E infine le delusioni. Il varesino Ivan Basso rientra giocoforza in questa categoria, così come altri due reduci dal Giro d’Italia, ovvero Cadel Evans e Carlos Sastre: i primi due hanno l’attenuante dei problemi fisici, ma ad ogni modo nessuno di questi tre big sembra mai essere in grado di battagliare con Schleck e Contador, perdendo parecchi secondi già nel cronoprologo e staccandosi puntualmente sulle salite più dure di questa corsa. Sastre, perlomeno, ci prova con un’azione coraggiosa in una delle ultime tappe pirenaiche, ma è troppo poco per degli atleti partiti con ben altre velleità. Evidentemente, le scorie del Giro d’Italia si sono fatte sentire più del previsto nelle gambe dei tre ragazzi.  Tra le delusioni, inseriamo anche Damiano Cunego e Vasil Kiryenka: si tratta di due corridori dalle doti eccezionali, ma probabilmente incapaci di gestirsi sotto l’aspetto tattico. Kiryenka, atleta completo con un buon spunto veloce, si fa sorprendentemente sconfiggere in una volata a due dal portoghese Paulinho nella frazione di Gap, e ci riprova anche in occasioni successive mettendo in mostra una grande condizione ma una scarsa lucidità. Discorso simile per Cunego, sempre all’attacco, addirittura per ben due volte nella fuga buona ma incapace di prevalere in quegli sprint a ranghi ridotti nei quali non dovrebbe avere rivali.

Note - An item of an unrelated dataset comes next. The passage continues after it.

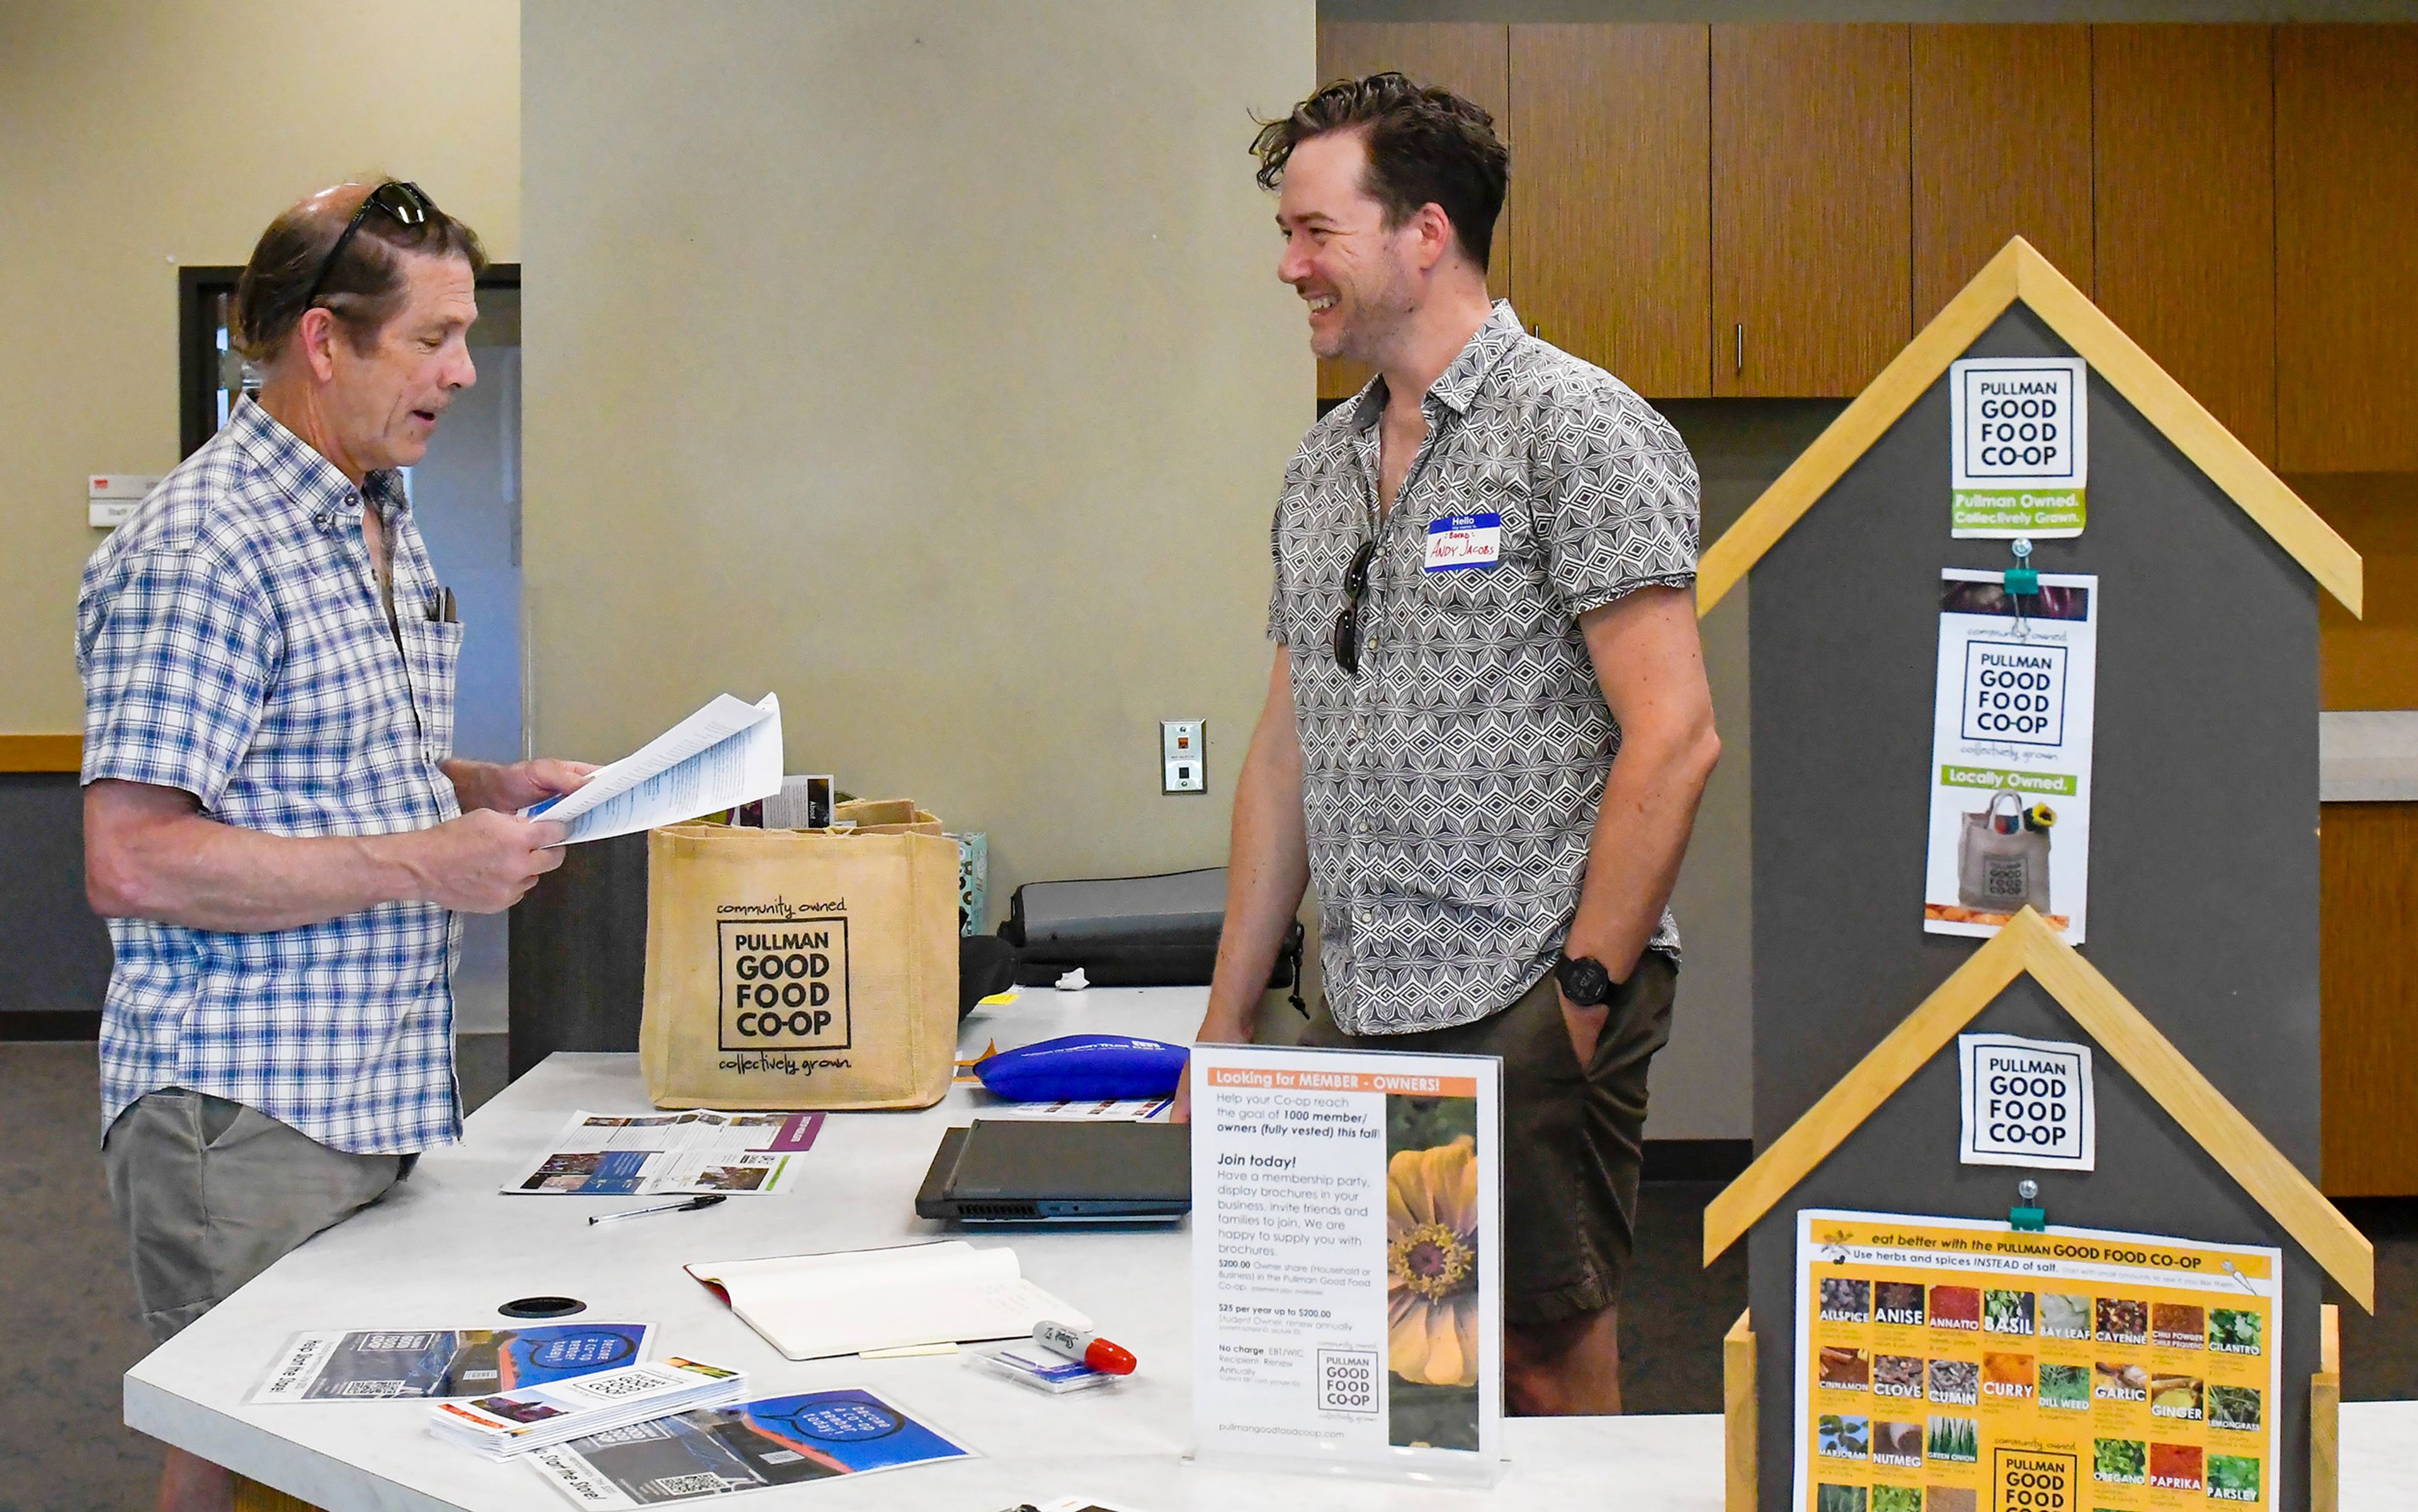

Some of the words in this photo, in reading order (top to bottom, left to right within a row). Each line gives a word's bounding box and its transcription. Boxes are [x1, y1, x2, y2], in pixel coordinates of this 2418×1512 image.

Inoltre, il veronese corre praticamente in modo ininterrotto da marzo ad ottobre, il che gli permette di essere sempre regolare ma senza quei picchi di forma necessari per imporsi ai più alti livelli.

Lance Armstrong merita un discorso a parte: a 39 anni, in pochi credevano alle sue ambizioni di vittoria finale, tuttavia il texano sembrava davvero convinto delle sue capacità, ma svariate cadute, ed una condizione fisica non certo ottimale, lo hanno trascinato ben lontano dai primi della classifica. Un addio assolutamente triste per il plurivincitore di questa corsa.

Infine, una nota in conclusione per la lanterne rouge, versione d’Oltralpe della nostra maglia nera. Quest’anno è toccata al parmigiano Adriano Malori, 170° a 4h27’03’’ dal vincitore Contador.  Il giovane emiliano ha disputato un ottimo cronoprologo, chiudendo nei primi quindici, ma poi le cadute lo hanno condizionato pesantemente. In compenso, a ventidue anni è riuscito a terminare un Tour de France, e ha tutti i numeri per crescere nel corso delle prossime stagioni, diventando magari uno dei migliori specialisti mondiali delle prove a cronometro.